## ABOUT THIS TASK:
Each record below must be returned exactly as shown.

## PROVIDED DATA:
_ _ _

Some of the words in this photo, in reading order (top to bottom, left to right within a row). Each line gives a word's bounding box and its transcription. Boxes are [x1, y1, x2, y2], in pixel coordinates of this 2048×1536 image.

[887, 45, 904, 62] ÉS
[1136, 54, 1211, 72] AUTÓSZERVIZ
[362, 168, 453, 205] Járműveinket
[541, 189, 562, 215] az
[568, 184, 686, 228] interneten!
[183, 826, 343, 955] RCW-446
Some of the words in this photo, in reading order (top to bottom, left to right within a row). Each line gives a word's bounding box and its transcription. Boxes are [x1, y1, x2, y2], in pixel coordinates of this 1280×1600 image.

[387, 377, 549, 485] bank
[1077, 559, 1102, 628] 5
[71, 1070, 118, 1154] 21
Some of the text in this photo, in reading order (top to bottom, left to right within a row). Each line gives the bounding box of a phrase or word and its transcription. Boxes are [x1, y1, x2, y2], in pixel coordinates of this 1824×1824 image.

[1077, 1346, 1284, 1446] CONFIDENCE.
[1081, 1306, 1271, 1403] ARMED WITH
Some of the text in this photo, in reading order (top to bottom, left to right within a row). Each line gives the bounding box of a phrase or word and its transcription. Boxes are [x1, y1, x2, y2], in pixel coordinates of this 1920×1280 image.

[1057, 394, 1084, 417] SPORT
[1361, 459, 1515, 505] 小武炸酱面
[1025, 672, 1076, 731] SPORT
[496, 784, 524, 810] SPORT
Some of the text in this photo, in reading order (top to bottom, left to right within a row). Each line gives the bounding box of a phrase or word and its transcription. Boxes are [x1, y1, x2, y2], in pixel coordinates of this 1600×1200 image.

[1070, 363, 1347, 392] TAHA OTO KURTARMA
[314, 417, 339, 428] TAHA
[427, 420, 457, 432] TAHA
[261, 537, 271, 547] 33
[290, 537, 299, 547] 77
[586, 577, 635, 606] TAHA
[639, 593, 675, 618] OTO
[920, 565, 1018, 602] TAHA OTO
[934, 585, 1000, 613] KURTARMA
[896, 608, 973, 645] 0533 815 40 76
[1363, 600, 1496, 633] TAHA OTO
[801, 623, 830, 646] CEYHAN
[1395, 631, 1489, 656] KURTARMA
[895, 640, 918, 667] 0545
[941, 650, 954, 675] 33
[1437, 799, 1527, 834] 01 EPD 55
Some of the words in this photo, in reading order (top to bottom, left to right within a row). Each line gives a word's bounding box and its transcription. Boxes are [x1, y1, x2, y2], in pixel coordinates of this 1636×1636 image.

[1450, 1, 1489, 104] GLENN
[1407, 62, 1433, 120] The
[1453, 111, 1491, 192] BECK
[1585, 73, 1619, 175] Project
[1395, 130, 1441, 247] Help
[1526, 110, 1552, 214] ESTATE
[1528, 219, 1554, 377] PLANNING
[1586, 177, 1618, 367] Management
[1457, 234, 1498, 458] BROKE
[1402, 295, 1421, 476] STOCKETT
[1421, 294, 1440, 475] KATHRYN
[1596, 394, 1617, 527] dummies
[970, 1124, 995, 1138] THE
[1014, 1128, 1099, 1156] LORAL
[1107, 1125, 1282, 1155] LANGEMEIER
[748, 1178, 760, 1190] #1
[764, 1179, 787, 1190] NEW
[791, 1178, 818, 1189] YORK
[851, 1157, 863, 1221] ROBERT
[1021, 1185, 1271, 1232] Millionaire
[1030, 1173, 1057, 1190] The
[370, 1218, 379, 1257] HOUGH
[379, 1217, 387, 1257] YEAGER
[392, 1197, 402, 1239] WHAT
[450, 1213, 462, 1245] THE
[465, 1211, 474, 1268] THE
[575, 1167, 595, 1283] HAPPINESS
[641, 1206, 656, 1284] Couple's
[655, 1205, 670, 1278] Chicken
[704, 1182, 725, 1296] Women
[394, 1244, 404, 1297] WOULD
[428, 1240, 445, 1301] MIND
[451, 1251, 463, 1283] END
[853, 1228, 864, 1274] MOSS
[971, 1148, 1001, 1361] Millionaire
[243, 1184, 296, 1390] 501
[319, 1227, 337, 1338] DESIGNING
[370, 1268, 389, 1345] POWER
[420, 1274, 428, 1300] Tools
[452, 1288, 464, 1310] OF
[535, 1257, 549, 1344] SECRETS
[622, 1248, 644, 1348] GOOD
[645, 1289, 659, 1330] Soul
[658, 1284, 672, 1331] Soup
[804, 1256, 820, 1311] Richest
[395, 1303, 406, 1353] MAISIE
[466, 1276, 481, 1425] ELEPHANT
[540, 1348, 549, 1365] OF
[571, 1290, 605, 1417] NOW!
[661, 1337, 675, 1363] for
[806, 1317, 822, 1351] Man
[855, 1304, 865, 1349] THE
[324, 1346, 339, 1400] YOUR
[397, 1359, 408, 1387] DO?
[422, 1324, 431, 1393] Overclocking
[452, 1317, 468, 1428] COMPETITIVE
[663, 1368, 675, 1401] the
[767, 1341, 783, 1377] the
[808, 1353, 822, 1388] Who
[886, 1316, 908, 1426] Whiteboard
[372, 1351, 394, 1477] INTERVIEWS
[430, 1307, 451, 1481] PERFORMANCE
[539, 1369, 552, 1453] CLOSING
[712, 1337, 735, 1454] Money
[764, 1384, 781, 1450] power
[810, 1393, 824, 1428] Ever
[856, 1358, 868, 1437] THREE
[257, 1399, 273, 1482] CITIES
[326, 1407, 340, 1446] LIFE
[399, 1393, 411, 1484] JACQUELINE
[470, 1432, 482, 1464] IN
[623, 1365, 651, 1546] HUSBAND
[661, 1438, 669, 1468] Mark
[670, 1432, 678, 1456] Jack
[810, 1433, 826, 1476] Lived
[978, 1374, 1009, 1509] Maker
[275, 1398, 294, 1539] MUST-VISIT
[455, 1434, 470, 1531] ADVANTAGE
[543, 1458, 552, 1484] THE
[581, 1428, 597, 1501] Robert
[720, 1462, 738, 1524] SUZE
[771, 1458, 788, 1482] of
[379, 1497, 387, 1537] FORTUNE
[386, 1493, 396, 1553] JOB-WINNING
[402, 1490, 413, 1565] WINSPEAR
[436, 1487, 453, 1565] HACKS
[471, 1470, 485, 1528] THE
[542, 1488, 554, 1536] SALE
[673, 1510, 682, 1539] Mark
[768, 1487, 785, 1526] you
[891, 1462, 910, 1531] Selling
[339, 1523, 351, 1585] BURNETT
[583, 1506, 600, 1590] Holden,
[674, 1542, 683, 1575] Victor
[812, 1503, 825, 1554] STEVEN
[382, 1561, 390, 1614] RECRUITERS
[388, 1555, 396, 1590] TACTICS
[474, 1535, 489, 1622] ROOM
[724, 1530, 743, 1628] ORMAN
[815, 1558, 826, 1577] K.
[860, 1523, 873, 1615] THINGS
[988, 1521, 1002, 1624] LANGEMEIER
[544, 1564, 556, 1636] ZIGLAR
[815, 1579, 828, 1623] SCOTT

_ _ _

## TASK RESPONSE:
Some of the words in this photo, in reading order (top to bottom, left to right within a row). Each line gives a word's bounding box and its transcription. Boxes are [x1, y1, x2, y2], in pixel coordinates of this 2048×1536 image.

[887, 45, 904, 62] ÉS
[1136, 54, 1211, 72] AUTÓSZERVIZ
[362, 168, 453, 205] Járműveinket
[541, 189, 562, 215] az
[568, 184, 686, 228] interneten!
[183, 826, 343, 955] RCW-446
Some of the words in this photo, in reading order (top to bottom, left to right within a row). Each line gives a word's bounding box and its transcription. Boxes are [x1, y1, x2, y2], in pixel coordinates of this 1280×1600 image.

[387, 377, 549, 485] bank
[1077, 559, 1102, 628] 5
[71, 1070, 118, 1154] 21
Some of the text in this photo, in reading order (top to bottom, left to right within a row). Each line gives the bounding box of a phrase or word and its transcription. Boxes are [x1, y1, x2, y2], in pixel coordinates of this 1824×1824 image.

[1077, 1346, 1284, 1446] CONFIDENCE.
[1081, 1306, 1271, 1403] ARMED WITH
Some of the text in this photo, in reading order (top to bottom, left to right within a row). Each line gives the bounding box of a phrase or word and its transcription. Boxes are [x1, y1, x2, y2], in pixel coordinates of this 1920×1280 image.

[1057, 394, 1084, 417] SPORT
[1361, 459, 1515, 505] 小武炸酱面
[1025, 672, 1076, 731] SPORT
[496, 784, 524, 810] SPORT
Some of the text in this photo, in reading order (top to bottom, left to right within a row). Each line gives the bounding box of a phrase or word and its transcription. Boxes are [x1, y1, x2, y2], in pixel coordinates of this 1600×1200 image.

[1070, 363, 1347, 392] TAHA OTO KURTARMA
[314, 417, 339, 428] TAHA
[427, 420, 457, 432] TAHA
[261, 537, 271, 547] 33
[290, 537, 299, 547] 77
[586, 577, 635, 606] TAHA
[639, 593, 675, 618] OTO
[920, 565, 1018, 602] TAHA OTO
[934, 585, 1000, 613] KURTARMA
[896, 608, 973, 645] 0533 815 40 76
[1363, 600, 1496, 633] TAHA OTO
[801, 623, 830, 646] CEYHAN
[1395, 631, 1489, 656] KURTARMA
[895, 640, 918, 667] 0545
[941, 650, 954, 675] 33
[1437, 799, 1527, 834] 01 EPD 55
Some of the words in this photo, in reading order (top to bottom, left to right within a row). Each line gives a word's bounding box and its transcription. Boxes are [x1, y1, x2, y2], in pixel coordinates of this 1636×1636 image.

[1450, 1, 1489, 104] GLENN
[1407, 62, 1433, 120] The
[1453, 111, 1491, 192] BECK
[1585, 73, 1619, 175] Project
[1395, 130, 1441, 247] Help
[1526, 110, 1552, 214] ESTATE
[1528, 219, 1554, 377] PLANNING
[1586, 177, 1618, 367] Management
[1457, 234, 1498, 458] BROKE
[1402, 295, 1421, 476] STOCKETT
[1421, 294, 1440, 475] KATHRYN
[1596, 394, 1617, 527] dummies
[970, 1124, 995, 1138] THE
[1014, 1128, 1099, 1156] LORAL
[1107, 1125, 1282, 1155] LANGEMEIER
[748, 1178, 760, 1190] #1
[764, 1179, 787, 1190] NEW
[791, 1178, 818, 1189] YORK
[851, 1157, 863, 1221] ROBERT
[1021, 1185, 1271, 1232] Millionaire
[1030, 1173, 1057, 1190] The
[370, 1218, 379, 1257] HOUGH
[379, 1217, 387, 1257] YEAGER
[392, 1197, 402, 1239] WHAT
[450, 1213, 462, 1245] THE
[465, 1211, 474, 1268] THE
[575, 1167, 595, 1283] HAPPINESS
[641, 1206, 656, 1284] Couple's
[655, 1205, 670, 1278] Chicken
[704, 1182, 725, 1296] Women
[394, 1244, 404, 1297] WOULD
[428, 1240, 445, 1301] MIND
[451, 1251, 463, 1283] END
[853, 1228, 864, 1274] MOSS
[971, 1148, 1001, 1361] Millionaire
[243, 1184, 296, 1390] 501
[319, 1227, 337, 1338] DESIGNING
[370, 1268, 389, 1345] POWER
[420, 1274, 428, 1300] Tools
[452, 1288, 464, 1310] OF
[535, 1257, 549, 1344] SECRETS
[622, 1248, 644, 1348] GOOD
[645, 1289, 659, 1330] Soul
[658, 1284, 672, 1331] Soup
[804, 1256, 820, 1311] Richest
[395, 1303, 406, 1353] MAISIE
[466, 1276, 481, 1425] ELEPHANT
[540, 1348, 549, 1365] OF
[571, 1290, 605, 1417] NOW!
[661, 1337, 675, 1363] for
[806, 1317, 822, 1351] Man
[855, 1304, 865, 1349] THE
[324, 1346, 339, 1400] YOUR
[397, 1359, 408, 1387] DO?
[422, 1324, 431, 1393] Overclocking
[452, 1317, 468, 1428] COMPETITIVE
[663, 1368, 675, 1401] the
[767, 1341, 783, 1377] the
[808, 1353, 822, 1388] Who
[886, 1316, 908, 1426] Whiteboard
[372, 1351, 394, 1477] INTERVIEWS
[430, 1307, 451, 1481] PERFORMANCE
[539, 1369, 552, 1453] CLOSING
[712, 1337, 735, 1454] Money
[764, 1384, 781, 1450] power
[810, 1393, 824, 1428] Ever
[856, 1358, 868, 1437] THREE
[257, 1399, 273, 1482] CITIES
[326, 1407, 340, 1446] LIFE
[399, 1393, 411, 1484] JACQUELINE
[470, 1432, 482, 1464] IN
[623, 1365, 651, 1546] HUSBAND
[661, 1438, 669, 1468] Mark
[670, 1432, 678, 1456] Jack
[810, 1433, 826, 1476] Lived
[978, 1374, 1009, 1509] Maker
[275, 1398, 294, 1539] MUST-VISIT
[455, 1434, 470, 1531] ADVANTAGE
[543, 1458, 552, 1484] THE
[581, 1428, 597, 1501] Robert
[720, 1462, 738, 1524] SUZE
[771, 1458, 788, 1482] of
[379, 1497, 387, 1537] FORTUNE
[386, 1493, 396, 1553] JOB-WINNING
[402, 1490, 413, 1565] WINSPEAR
[436, 1487, 453, 1565] HACKS
[471, 1470, 485, 1528] THE
[542, 1488, 554, 1536] SALE
[673, 1510, 682, 1539] Mark
[768, 1487, 785, 1526] you
[891, 1462, 910, 1531] Selling
[339, 1523, 351, 1585] BURNETT
[583, 1506, 600, 1590] Holden,
[674, 1542, 683, 1575] Victor
[812, 1503, 825, 1554] STEVEN
[382, 1561, 390, 1614] RECRUITERS
[388, 1555, 396, 1590] TACTICS
[474, 1535, 489, 1622] ROOM
[724, 1530, 743, 1628] ORMAN
[815, 1558, 826, 1577] K.
[860, 1523, 873, 1615] THINGS
[988, 1521, 1002, 1624] LANGEMEIER
[544, 1564, 556, 1636] ZIGLAR
[815, 1579, 828, 1623] SCOTT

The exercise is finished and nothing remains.